Three-Dimensional Light Sheet Fluorescence Microscopy of Lungs To Dissect Local Host Immune-Aspergillus fumigatus Interactions

Aspergillus fumigatus is an opportunistic fungal pathogen that can cause life-threatening invasive lung infections in immunodeficient patients. The cellular and molecular processes of infection during onset, establishment, and progression of A. fumigatus infections are highly complex and depend on both fungal attributes and the immune status of the host. Therefore, preclinical animal models are of paramount importance to investigate and gain better insight into the infection process. Yet, despite their extensive use, commonly employed murine models of invasive pulmonary aspergillosis are not well understood due to analytical limitations.
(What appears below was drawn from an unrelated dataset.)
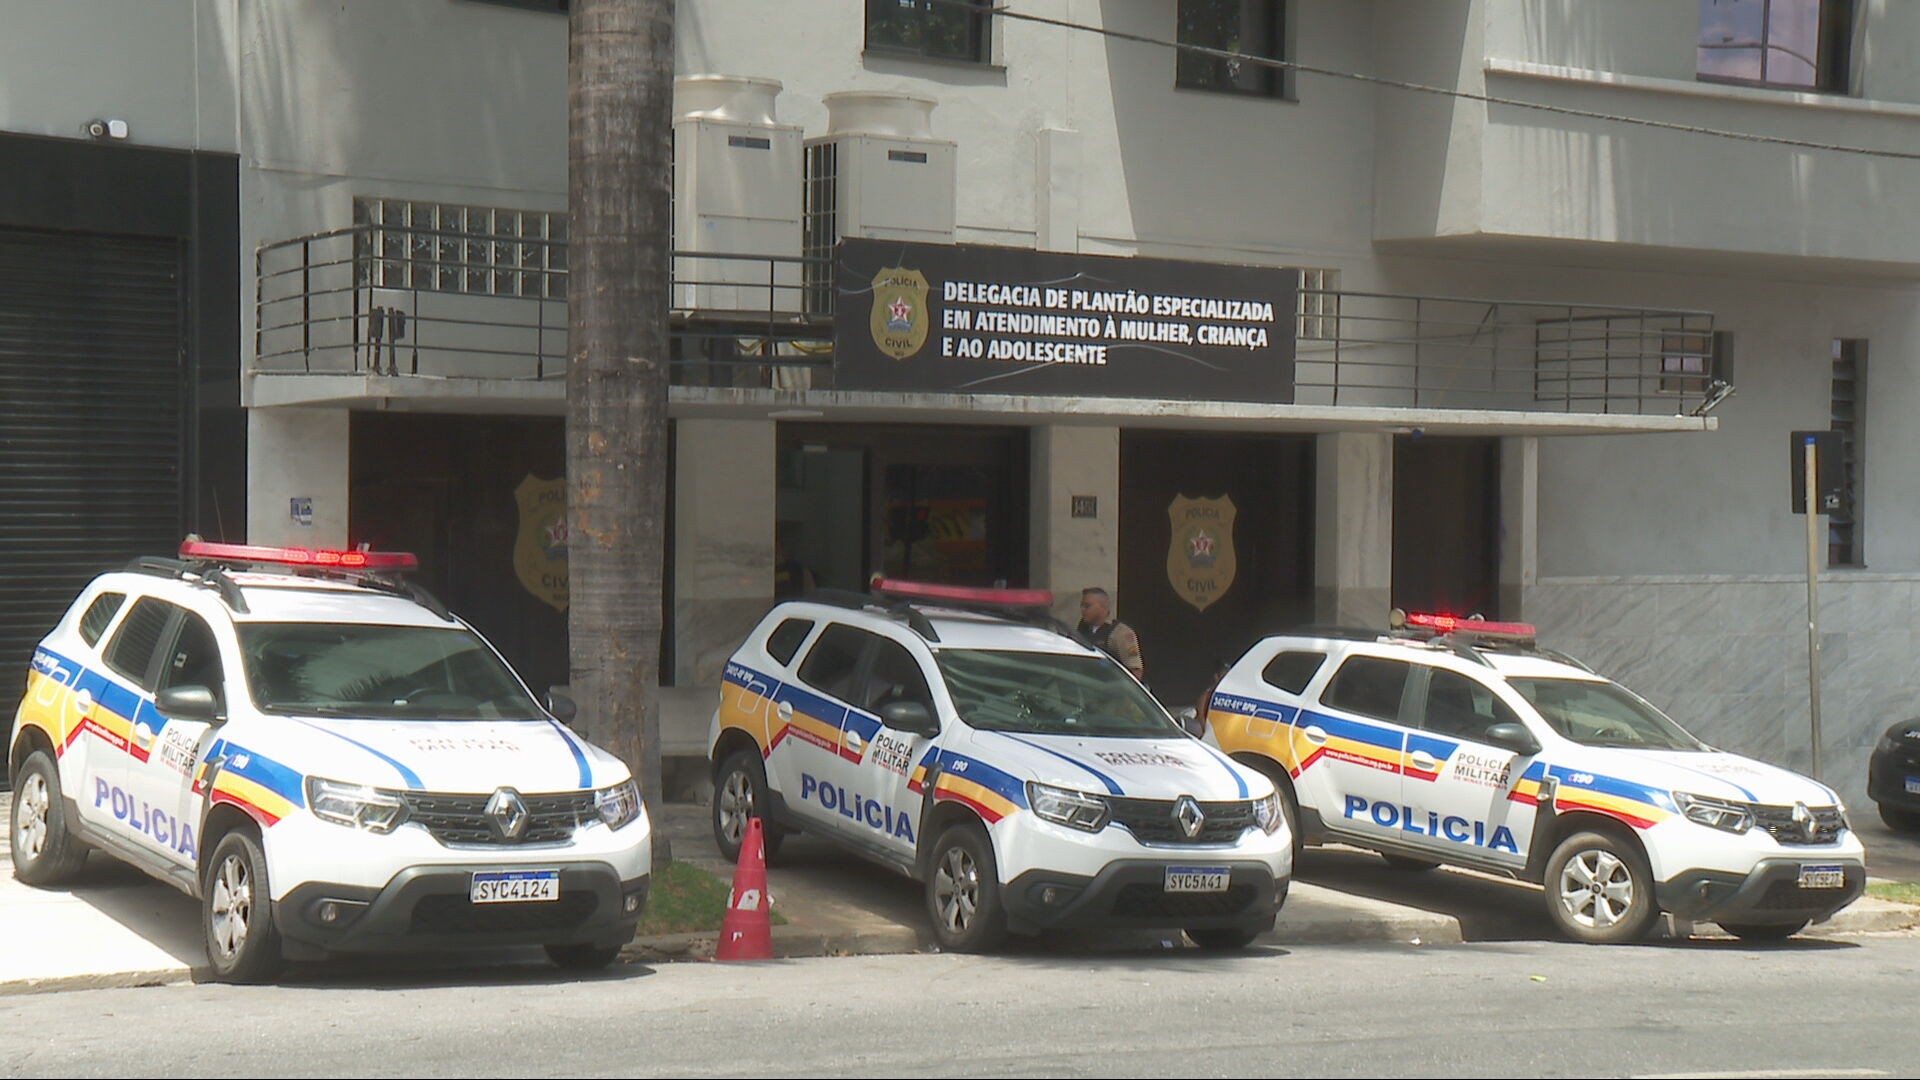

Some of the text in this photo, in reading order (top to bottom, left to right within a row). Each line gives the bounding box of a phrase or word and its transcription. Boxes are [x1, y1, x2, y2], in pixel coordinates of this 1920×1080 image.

Here, we present quantitative light sheet fluorescence microscopy (LSFM) to describe fungal growth and the local immune response in whole lungs at cellular resolution within its anatomical context. We analyzed three very common murine models of pulmonary aspergillosis based on immunosuppression with corticosteroids, chemotherapy-induced leukopenia, or myeloablative irradiation. LSFM uncovered distinct architectures of fungal growth and degrees of tissue invasion in each model. Furthermore, LSFM revealed the spatial distribution, interaction, and activation of two key immune cell populations in antifungal defense: alveolar macrophages and polymorphonuclear neutrophils. Interestingly, the patterns of fungal growth correlated with the detected effects of the immunosuppressive regimens on the local immune cell populations. Moreover, LSFM demonstrates that the commonly used intranasal route of spore administration did not result in complete intra-alveolar deposition, as about 80% of fungal growth occurred outside the alveolar space. Hence, characterization by LSFM is more rigorous than by previously used methods employing murine models of invasive pulmonary aspergillosis and pinpoints their strengths and limitations.